Local metrics/ in your clone (not in git)¶
The repo root metrics/ directory is for machine-local dashboard files only. Do not commit
latest-*.json, history-*.jsonl, index.html, or dashboard-data.json — they are listed in
.gitignore so pull requests stay free of metrics churn and stale snapshots.
| Situation | What to do |
|---|---|
| Fresh clone, empty charts | Expected until you fetch data. Run make fetch-ci-metrics and make fetch-nightly-metrics, then make build-metrics-dashboard-preview. |
| CI / nightly workflows | Still write metrics/ inside the runner workspace and upload the metrics artifact; ignoring the folder in git does not change GitHub Actions behavior. |
| Canonical public JSON/HTML | Lives on GitHub Pages (same filenames under the published site), not on the main branch tree. |
| Why ignore? | Avoids merge conflicts, accidental PII or run-specific noise, and confusion between “what CI published” vs “what one laptop had last week”. |
A short pointer file metrics/README.md is tracked; generated artifacts next to it are not.

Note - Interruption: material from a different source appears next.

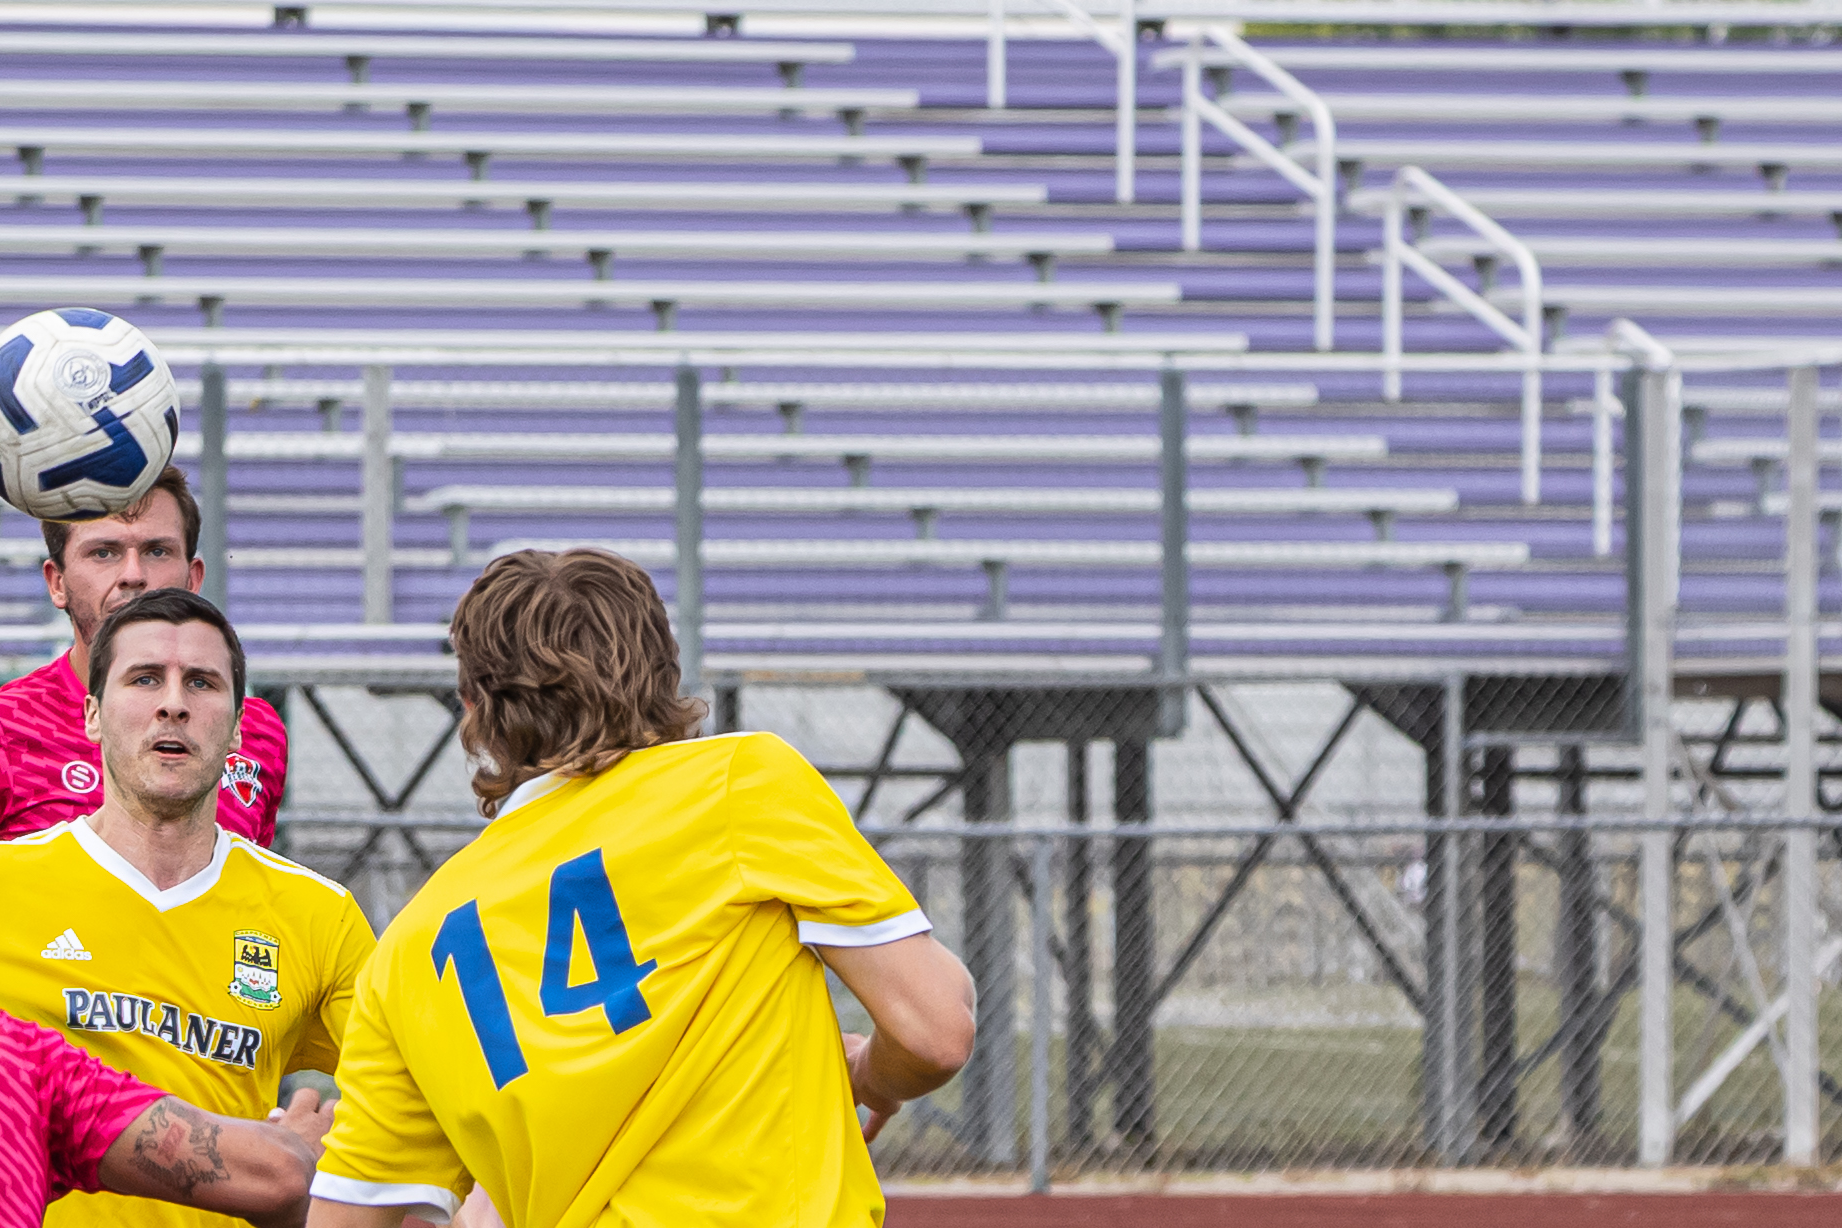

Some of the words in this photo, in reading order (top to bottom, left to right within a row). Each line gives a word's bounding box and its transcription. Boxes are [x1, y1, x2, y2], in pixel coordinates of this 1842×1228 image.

[40, 947, 93, 961] adidas
[431, 848, 657, 1091] 14
[62, 988, 262, 1070] PAULANER
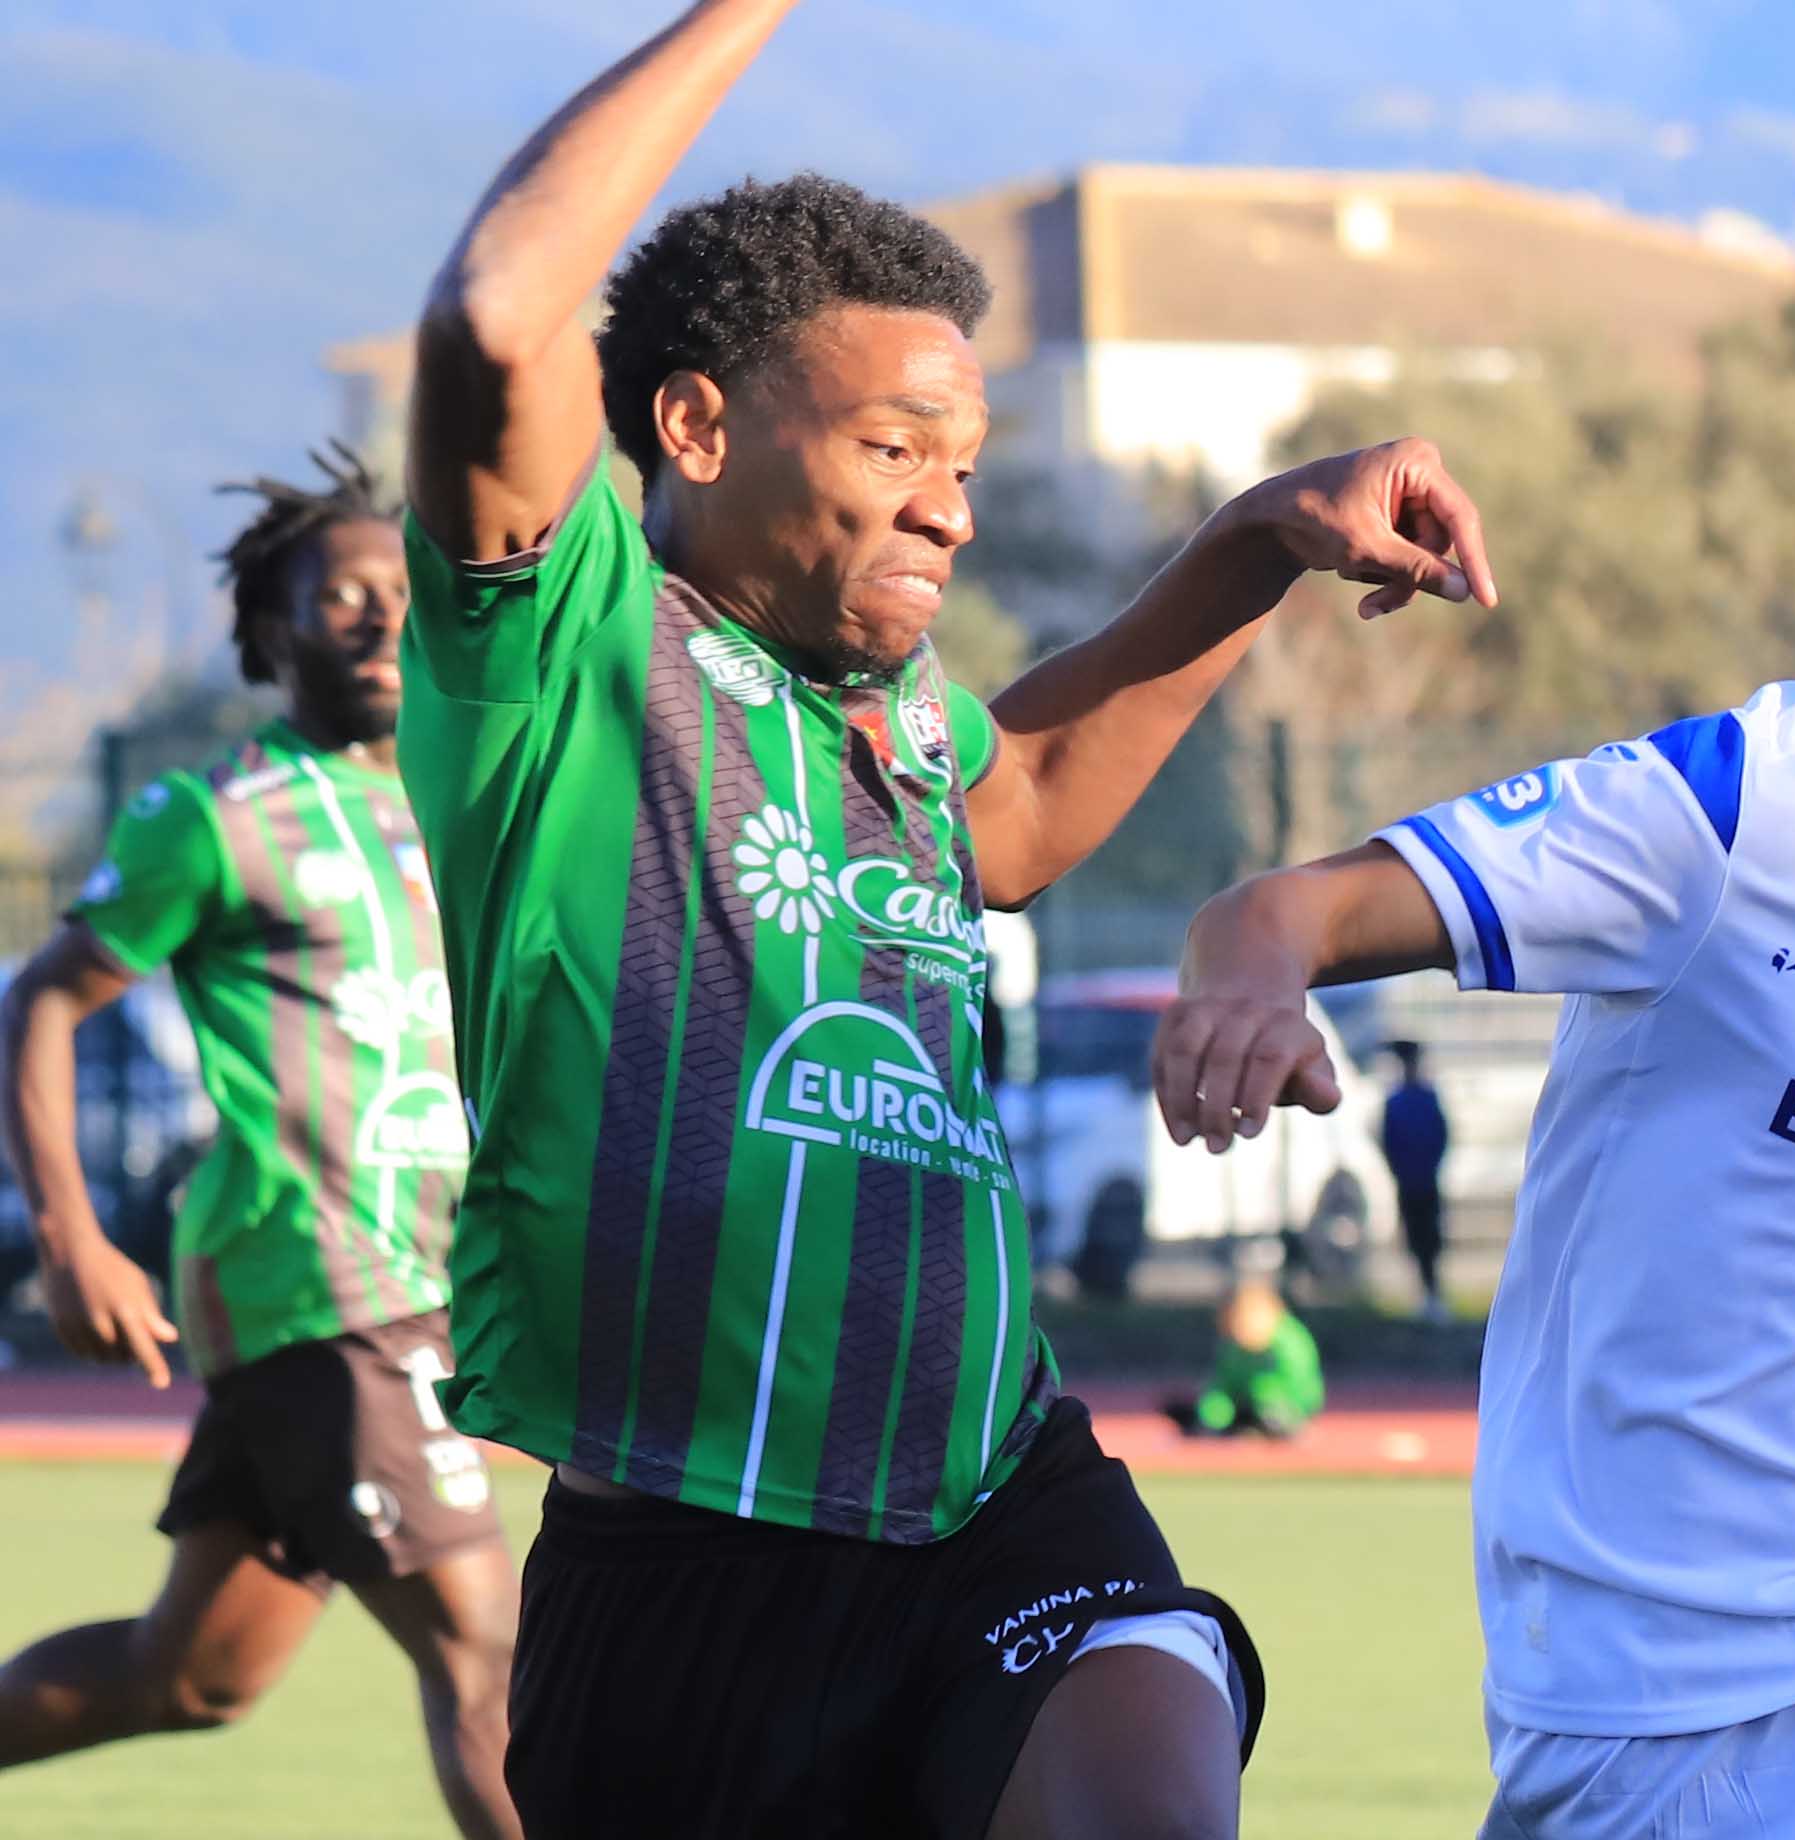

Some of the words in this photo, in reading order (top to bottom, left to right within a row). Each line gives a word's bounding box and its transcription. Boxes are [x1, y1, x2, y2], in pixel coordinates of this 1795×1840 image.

Unified metrics dashboard¶
Single HTML page with a data source selector:
- CI metrics — Last metrics bundle produced when main or configured release branches
run the unified coverage / metrics job (
python-app.yml). - Nightly metrics — Same layout, fed by the scheduled nightly workflow (
nightly.yml).
What you actually see¶
| Area | Content |
|---|---|
| Header | Last update time, commit short SHA, branch, link to the GitHub Actions run (when workflow_run URL is present in JSON). |
| Alerts | Rule-based messages from generate_metrics.py when enough history exists (runtime, coverage, test count, flaky count, complexity, etc.). |
| Summary cards | Single-run snapshot: test counts, pass rate, pytest wall time, combined line coverage vs threshold, radon package averages (complexity, maintainability), interrogate docstring %, vulture/codespell counts, flaky count, optional sample pipeline timings when collection succeeds. |
| Test run history (chart) | Only if history-*.jsonl has two or more snapshots: pytest duration + line coverage % across successive CI/nightly metrics deploys (one appended row per run). See the dashboard subtitle for how history-*.jsonl is built. |
| Code quality history (chart) | Same history-*.jsonl as test run history; mean cyclomatic complexity + mean maintainability index from radon per snapshot. See the dashboard subtitle (not wily; card-only fields listed there). |
| Pipeline chart | Shown only when historical snapshots include pipeline metrics (collect_pipeline_metrics.py). |
| Tables | Top slowest tests and flaky tests for the latest run only. Slowest: combined from pytest JSON and all junit*.xml in reports/ (dedupe by name, max duration); CI/nightly workflows emit JUnit per job so xdist-sparse JSON does not cap the list. Flaky: aggregated across pytest.json and every pytest-*.json shard (same nodeid keeps any “passed after rerun” signal). Flaky means passed after pytest-rerunfailures retry; pytest-json-report uses top-level outcome: rerun with call.outcome: passed (or legacy rerun: true). |
What is not on this dashboard¶
- No LLM / API usage charts — Not part of the published JSON or HTML (remove any expectation of token or cost graphs here).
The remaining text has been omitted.